7. A pair of forward and reverse primers for amplification of a STR located in DNA isolated from Cannabis sativa L., said pair being selected from the group consisting of SEQ ID NO: 1 and SEQ ID NO: 2; SEQ ID NO: 3 and SEQ ID NO: 4; SEQ ID NO: 5 and SEQ ID NO: 6; SEQ ID NO: 7 and SEQ ID NO: 8; SEQ ID NO: 9 and SEQ ID NO: 10; SEQ ID NO: 11 and SEQ ID NO: 12; SEQ ID NO: 13 and SEQ ID NO: 14; SEQ ID NO:15 and SEQ ID NO: 16; and SEQ ID NO: 17 and SEQ ID NO: 18; SEQ ID NO: 19 and SEQ ID NO: 20; SEQ ID NO: 21 and SEQ ID NO: 22; SEQ ID NO: 23 and SEQ ID NO: 24; SEQ ID NO: 25 and SEQ ID NO: 26; and SEQ ID NO: 27 and SEQ ID NO:28.

8. The pair of forward and reverse primers of claims 7, wherein a member of said pair comprises an observable marker.

9. The pair of forward and reverse primers of claim 8, wherein said marker is a fluorescent label.

10. The pair of forward and reverse primers of claim 8, wherein said marker is a radioactive group.

11. The pair of forward and reverse primers of claim 7 as PCR primers in the detection of a Cannabis sativa L. species.

12. The pair of forward and reverse primers of claim 7, wherein said pair is capable of being used in a multiplex cocktail for amplification of STR from Cannabis sativa L.

13. A method for detecting a Cannabis sativa L. species in a sample comprising the steps of:

i. obtaining DNA from the sample,

ii. amplifying a STR marker loci in said DNA with a multiplex cocktail of claim 7 to form amplification products of various sizes and labels; and

iii. separating amplification products by size and primer label;

iv. scoring the results of said separation; and

v. comparing said scored results to analysis of DNA from a known species.
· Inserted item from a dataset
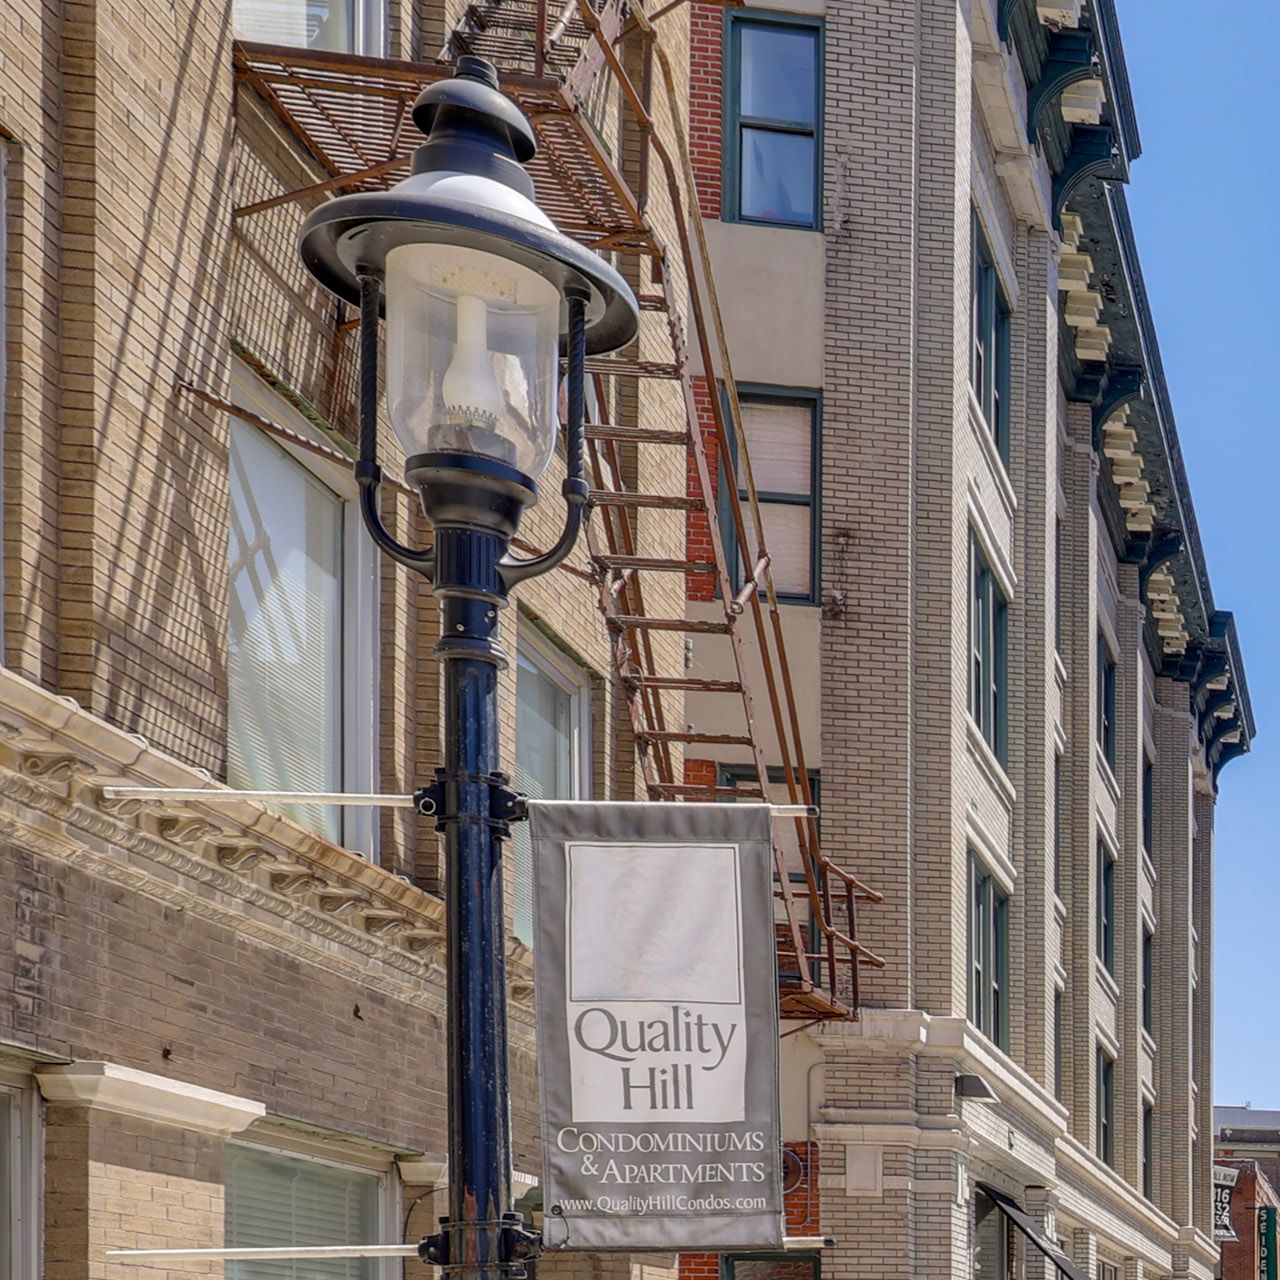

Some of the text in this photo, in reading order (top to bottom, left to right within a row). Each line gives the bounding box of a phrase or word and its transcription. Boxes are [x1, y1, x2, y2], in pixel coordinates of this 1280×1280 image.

[574, 1005, 737, 1071] Quality
[620, 1063, 694, 1110] Hill
[557, 1127, 764, 1153] CONDOMINIUMS
[559, 1194, 766, 1215] www.QualityHillCondos.com
14. A method of linking a marijuana sample to a plant source comprising the steps of:

i. determining the identity of DNA in said sample by the method of claim 13;

ii. determining the identity of DNA in a sample from a plant by the method of claim 13; and

iii. comparing the identities of both samples to determine similarities.

15. A kit for use in the detection of a Cannabis sativa L. species by multiplex cocktail comprising a primer pair of claim 7.

16. The kit of claim 15, further comprising nucleic acids, enzymes and buffers suitable for causing amplification of STR in DNA from said species in a multiplex PCR instrument.

17. The kit of claim 15 detecting a Cannabis sativa L. species comprising:

i. a multiplex cocktail of claim 12;

ii. nucleic acids having an observable marker;

iii. a transcriptase; and

iv. buffers and salts suitable for causing polymerization of STR in DNA from said Cannabis sativa L. species in a PCR multiplex instrument.

18. The kit of claim 15, further comprising a control sample of DNA.